That's it! This is all you need to do to have the IOS XR Telemetry Collection Stack up and running!

What You Will Get with the Collection Stack

The IOS XR Telemetry Collection Stack is working now. There will be several things available for you:

  • Configs for your router
  • A set of different pre-configured dashboards for monitoring
  • An alerting capability for CPU monitoring
  • A collection of alias commands to improve your experience while working with the components of the Stack

MDT Config For Your Router

Before you can start exploring Telemetry in your installed Telemetry Collection Stack, you need to configure a router to begin streaming telemetry data. There are several configuration files available for you here:


~/IOSXR-Telemetry-Collection-Stack/Routers

You will see four different files there. Two (TCP/gRPC transport) for ASR9k and two for NCS5500 (TCP/gRPC transport). Configurations are different because a sensor path for memory stats is different between both platforms (and the goal was to have exact configs you can copy/paste without thinking a lot).

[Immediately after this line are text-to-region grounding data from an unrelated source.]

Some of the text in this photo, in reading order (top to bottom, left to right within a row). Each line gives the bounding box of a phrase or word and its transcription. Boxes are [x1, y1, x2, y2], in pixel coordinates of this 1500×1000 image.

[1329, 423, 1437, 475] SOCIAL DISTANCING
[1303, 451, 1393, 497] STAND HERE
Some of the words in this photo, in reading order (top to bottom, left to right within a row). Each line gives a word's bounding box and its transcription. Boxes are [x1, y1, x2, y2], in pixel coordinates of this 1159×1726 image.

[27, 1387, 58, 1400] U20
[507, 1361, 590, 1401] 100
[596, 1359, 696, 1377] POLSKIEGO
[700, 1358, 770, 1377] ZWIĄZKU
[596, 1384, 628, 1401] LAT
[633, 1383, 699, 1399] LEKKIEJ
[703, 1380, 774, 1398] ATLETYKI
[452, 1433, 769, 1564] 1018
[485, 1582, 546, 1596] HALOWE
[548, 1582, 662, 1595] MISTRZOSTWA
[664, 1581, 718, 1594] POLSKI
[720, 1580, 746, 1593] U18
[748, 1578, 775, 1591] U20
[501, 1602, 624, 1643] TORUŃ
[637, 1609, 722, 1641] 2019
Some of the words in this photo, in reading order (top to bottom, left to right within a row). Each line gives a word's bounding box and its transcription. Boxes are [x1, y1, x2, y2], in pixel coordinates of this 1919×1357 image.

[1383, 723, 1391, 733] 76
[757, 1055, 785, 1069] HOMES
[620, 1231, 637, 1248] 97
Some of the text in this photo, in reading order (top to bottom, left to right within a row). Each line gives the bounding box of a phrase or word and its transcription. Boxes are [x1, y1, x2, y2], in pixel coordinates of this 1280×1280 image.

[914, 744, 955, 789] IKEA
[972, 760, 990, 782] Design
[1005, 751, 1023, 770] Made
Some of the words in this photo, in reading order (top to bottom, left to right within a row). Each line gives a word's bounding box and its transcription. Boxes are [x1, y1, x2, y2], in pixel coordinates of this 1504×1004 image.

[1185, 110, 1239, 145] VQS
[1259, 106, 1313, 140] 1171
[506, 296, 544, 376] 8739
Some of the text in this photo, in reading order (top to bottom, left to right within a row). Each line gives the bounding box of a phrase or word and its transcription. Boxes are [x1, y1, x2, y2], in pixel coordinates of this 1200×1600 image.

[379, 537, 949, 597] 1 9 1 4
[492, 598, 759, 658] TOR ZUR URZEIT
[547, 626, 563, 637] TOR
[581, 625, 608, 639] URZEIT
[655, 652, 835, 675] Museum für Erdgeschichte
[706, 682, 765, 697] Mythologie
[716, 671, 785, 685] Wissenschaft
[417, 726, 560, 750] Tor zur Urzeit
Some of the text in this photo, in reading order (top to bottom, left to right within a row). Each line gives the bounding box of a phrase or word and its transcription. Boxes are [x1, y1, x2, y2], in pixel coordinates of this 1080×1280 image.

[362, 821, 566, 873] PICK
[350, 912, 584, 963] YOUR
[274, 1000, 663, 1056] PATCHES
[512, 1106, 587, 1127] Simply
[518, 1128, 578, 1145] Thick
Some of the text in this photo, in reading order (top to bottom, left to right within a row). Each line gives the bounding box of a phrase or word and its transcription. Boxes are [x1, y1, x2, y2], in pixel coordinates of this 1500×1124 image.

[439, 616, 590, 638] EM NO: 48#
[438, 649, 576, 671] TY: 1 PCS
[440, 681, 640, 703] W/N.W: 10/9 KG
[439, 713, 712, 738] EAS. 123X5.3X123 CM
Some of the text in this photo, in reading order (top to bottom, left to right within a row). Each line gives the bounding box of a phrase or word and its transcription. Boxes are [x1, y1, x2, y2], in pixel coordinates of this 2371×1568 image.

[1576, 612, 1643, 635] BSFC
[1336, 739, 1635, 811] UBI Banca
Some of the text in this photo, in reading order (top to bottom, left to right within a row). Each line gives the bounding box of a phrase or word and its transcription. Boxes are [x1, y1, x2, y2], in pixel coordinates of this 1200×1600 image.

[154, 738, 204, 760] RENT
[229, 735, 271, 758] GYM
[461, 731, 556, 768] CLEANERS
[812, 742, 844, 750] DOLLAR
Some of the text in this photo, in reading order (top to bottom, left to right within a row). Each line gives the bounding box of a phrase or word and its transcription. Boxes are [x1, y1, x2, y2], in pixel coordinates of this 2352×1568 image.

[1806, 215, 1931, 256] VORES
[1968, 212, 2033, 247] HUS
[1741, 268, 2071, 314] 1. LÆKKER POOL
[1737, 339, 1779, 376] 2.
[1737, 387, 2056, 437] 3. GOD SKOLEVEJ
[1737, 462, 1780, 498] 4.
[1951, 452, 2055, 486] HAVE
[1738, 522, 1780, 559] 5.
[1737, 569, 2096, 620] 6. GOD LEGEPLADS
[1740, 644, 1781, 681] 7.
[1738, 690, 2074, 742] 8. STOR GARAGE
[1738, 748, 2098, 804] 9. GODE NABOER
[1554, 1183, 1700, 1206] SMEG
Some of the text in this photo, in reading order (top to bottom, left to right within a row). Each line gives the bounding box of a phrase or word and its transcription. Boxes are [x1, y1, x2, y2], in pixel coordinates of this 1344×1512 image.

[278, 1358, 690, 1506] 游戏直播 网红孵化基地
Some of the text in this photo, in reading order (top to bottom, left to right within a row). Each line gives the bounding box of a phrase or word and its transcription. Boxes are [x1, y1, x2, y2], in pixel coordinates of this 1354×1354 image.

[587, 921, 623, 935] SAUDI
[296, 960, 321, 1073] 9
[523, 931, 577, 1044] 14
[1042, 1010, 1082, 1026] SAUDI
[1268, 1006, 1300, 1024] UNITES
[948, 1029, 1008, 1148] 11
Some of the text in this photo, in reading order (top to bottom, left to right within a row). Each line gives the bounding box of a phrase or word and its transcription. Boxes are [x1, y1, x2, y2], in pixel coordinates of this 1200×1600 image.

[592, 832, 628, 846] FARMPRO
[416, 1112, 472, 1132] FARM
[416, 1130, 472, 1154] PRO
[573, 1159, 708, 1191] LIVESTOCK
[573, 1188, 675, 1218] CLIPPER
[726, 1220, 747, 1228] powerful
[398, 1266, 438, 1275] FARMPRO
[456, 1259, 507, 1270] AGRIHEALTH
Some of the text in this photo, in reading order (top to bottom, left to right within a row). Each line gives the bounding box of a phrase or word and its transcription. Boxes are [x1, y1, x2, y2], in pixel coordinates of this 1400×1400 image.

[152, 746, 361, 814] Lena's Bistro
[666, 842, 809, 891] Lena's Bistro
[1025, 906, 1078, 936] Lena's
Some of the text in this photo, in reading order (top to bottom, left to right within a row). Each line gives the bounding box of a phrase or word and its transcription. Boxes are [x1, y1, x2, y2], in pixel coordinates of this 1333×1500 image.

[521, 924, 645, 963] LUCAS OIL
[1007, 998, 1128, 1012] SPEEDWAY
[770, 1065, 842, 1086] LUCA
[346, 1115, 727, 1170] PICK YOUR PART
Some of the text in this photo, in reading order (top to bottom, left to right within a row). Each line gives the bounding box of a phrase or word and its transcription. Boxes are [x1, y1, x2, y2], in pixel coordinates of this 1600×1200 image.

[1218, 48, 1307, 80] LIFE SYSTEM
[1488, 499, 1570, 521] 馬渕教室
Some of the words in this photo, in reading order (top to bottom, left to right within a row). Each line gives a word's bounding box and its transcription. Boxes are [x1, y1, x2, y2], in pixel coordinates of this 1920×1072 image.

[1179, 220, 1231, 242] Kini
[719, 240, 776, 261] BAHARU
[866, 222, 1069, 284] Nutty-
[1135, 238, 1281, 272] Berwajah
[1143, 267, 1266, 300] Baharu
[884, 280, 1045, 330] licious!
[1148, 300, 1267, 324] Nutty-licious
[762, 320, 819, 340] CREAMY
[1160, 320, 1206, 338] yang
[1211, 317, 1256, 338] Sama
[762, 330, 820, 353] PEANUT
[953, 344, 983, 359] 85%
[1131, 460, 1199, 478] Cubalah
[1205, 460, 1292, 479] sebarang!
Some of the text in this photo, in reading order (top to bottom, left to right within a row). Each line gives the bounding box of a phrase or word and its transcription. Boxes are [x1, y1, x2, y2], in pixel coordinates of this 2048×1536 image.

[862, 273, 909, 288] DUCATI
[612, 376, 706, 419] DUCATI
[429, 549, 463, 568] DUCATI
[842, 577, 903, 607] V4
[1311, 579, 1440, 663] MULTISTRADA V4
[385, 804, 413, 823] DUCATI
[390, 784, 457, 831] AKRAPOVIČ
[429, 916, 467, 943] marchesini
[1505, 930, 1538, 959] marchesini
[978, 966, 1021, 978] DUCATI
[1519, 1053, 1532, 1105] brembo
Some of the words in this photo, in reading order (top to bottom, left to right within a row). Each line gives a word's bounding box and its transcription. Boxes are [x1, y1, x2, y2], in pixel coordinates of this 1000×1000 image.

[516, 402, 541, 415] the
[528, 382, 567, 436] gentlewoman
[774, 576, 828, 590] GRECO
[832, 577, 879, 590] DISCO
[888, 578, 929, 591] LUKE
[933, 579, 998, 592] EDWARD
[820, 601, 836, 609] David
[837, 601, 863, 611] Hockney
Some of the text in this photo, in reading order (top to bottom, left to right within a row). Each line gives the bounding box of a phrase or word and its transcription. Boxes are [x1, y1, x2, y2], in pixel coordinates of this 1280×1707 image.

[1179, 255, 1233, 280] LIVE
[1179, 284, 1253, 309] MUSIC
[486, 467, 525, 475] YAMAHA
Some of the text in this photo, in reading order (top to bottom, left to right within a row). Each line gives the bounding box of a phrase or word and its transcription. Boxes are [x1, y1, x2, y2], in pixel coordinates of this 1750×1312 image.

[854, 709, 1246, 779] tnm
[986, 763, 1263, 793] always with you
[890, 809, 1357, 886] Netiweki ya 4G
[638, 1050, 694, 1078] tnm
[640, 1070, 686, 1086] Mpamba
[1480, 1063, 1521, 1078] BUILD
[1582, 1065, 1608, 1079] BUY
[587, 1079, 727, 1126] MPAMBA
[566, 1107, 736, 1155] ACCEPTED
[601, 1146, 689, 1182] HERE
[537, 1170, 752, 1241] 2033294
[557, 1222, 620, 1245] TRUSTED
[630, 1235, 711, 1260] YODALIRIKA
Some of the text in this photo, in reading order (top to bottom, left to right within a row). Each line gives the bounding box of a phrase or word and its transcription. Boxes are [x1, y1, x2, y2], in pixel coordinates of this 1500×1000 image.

Let's go through the NCS55xx gRPC-based Model-Driven Telemetry configuration. This first step defines the destination for the telemetry traffic. All the script works with IPv4 traffic. IPv6 addressing is supported, but it was never asked for (if required, can be added in the next release). The script will update the destination address for you, all you need is to copy that part:


telemetry model-driven
 destination-group DGroup1
  address-family ipv4  port 57500
   encoding self-describing-gpb
   protocol grpc no-tls
  !

The second step configures all sensor groups. Your router will collect and push information about:

  • CPU utilization
  • Memory consumption (ASR9k uses a different YANG model for memory)
  • Time since last reboot
  • Latest interface counters
  • Interfaces summary information (how many interfaces are up, down or admin-down)
  • RX/TX power levels from optics (ASR9k supports this YANG model starting with IOS XR 6.4.1)
  • ISIS routes count
  • ISIS neighbors' state, ISIS interfaces, dropped frames
  • Information about BGP (path count, prefix count, BGP neighbors)
  • MPLS-TE Tunnels summary overview
  • RSVP control messages overview
  • RSVP bandwidth allocation per interface.

 sensor-group health
  sensor-path Cisco-IOS-XR-wdsysmon-fd-oper:system-monitoring/cpu-utilization
  sensor-path Cisco-IOS-XR-nto-misc-oper:memory-summary/nodes/node/summary
  sensor-path Cisco-IOS-XR-shellutil-oper:system-time/uptime
 !
 sensor-group interfaces
  sensor-path Cisco-IOS-XR-infra-statsd-oper:infra-statistics/interfaces/interface/latest/generic-counters
  sensor-path Cisco-IOS-XR-pfi-im-cmd-oper:interfaces/interface-summary
 !
 sensor-group optics
  sensor-path Cisco-IOS-XR-controller-optics-oper:optics-oper/optics-ports/optics-port/optics-info
 !
 sensor-group routing
  sensor-path Cisco-IOS-XR-clns-isis-oper:isis/instances/instance/levels/level/adjacencies/adjacency
  sensor-path Cisco-IOS-XR-clns-isis-oper:isis/instances/instance/statistics-global
  sensor-path Cisco-IOS-XR-ip-rib-ipv4-oper:rib/vrfs/vrf/afs/af/safs/saf/ip-rib-route-table-names/ip-rib-route-table-name/protocol/isis/as/information
  sensor-path Cisco-IOS-XR-ipv4-bgp-oper:bgp/instances/instance/instance-active/default-vrf/process-info
 !
 sensor-group mpls-te
 sensor-path Cisco-IOS-XR-mpls-te-oper:mpls-te/tunnels/summary
 sensor-path Cisco-IOS-XR-ip-rsvp-oper:rsvp/interface-briefs/interface-brief
 sensor-path Cisco-IOS-XR-ip-rsvp-oper:rsvp/counters/interface-messages/interface-message
 !

The last part of the config defines subscription groups. Several subscription groups are used to use the benefits of parallel push. As always, make sure you have L3 connectivity between your router and collector (don't forget to check L3 connectivity from TPA as well!)


 subscription health
  sensor-group-id health strict-timer
  sensor-group-id health sample-interval 30000
  destination-id DGroup1
 !
 subscription interfaces
  sensor-group-id interfaces strict-timer
  sensor-group-id interfaces sample-interval 30000
  destination-id DGroup1
 !
 subscription optics
  sensor-group-id optics strict-timer
  sensor-group-id optics sample-interval 30000
  destination-id DGroup1
 !
 subscription routing
  sensor-group-id routing strict-timer
  sensor-group-id routing sample-interval 30000
  destination-id DGroup1
 !
 subscription mpls-te
  sensor-group-id mpls-te strict-timer
  sensor-group-id mpls-te sample-interval 30000
  destination-id DGroup1

Pre-configured Dashboards

You have your Collection Stack up and running. Your router has the proper configuration applied and pushing counters out. You can now jump directly to Grafana to check the dashboards available to you!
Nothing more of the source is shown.